Special session on Social Forestry
This year’s workshop had a particular focus on Social Forestry, a flagship program of the Indonesian Government in the forestry sector. The Government of Indonesia was represented by Pak Ery Indrawan from the Ministry of Environment and Forestry.
Pak Ery Indrawan from the Directorate General of Social Forestry in the Ministry of Environment and Forestry presented the Government’s achievements to date and future plans for the Social Forestry agenda. Photo: CIFOR.
More than 50 representatives of civil society organizations were represented in the workshop.

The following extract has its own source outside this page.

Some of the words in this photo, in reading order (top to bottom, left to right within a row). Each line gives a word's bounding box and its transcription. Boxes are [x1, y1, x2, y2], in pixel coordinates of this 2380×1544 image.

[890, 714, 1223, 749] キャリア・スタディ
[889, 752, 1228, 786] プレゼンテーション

In the dialogue with Pak Indrawan, they confirmed civil society’s willingness to work with the Ministry of Environment and Forestry on Social Forestry in order to both secure economic development in Indonesia’s rural communities and reduce the deforestation in Indonesia.
The work to recognize customary forests (hutan adat) under the Social Forestry agenda was given special attention.

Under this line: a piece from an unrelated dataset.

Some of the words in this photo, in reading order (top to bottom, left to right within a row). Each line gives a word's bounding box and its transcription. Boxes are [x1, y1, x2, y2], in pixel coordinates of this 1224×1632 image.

Social Forestry and Indonesia’s climate goals depend on solving land conflicts
In one of the following group discussions, civil society organizations discussed how they can further support the Government’s work on land tenure, governance and transparency. These efforts are key to implement the Government’s policies in the forestry sector and to achieve the ambitious climate goals the Indonesian Government has committed to under the Paris Agreement on climate change.
Law enforcement and sustainable production
The workshop took place at the same time as the Government of Indonesia initiated forest and peat firefighting activities in Riau and West Kalimantan. This influenced the discussions on both law enforcement in the forest and land-use sector and the discussions on how Indonesia’s agriculture production can become more sustainable.
Several organizations are supporting the Central Government and also provinces and districts on how to increase agricultural production and support smallholders without expanding the production into Indonesia’s remaining rainforests.
10 years of continued support
Norway’s Ambassador to Indonesia, Mr. Vegard Kaale, opened the workshop. In his greetings to the civil society representatives, he thanked them for their continued support since Norway’s International Climate and Forest Initiative was launched in Bali a bit more than 10 years ago.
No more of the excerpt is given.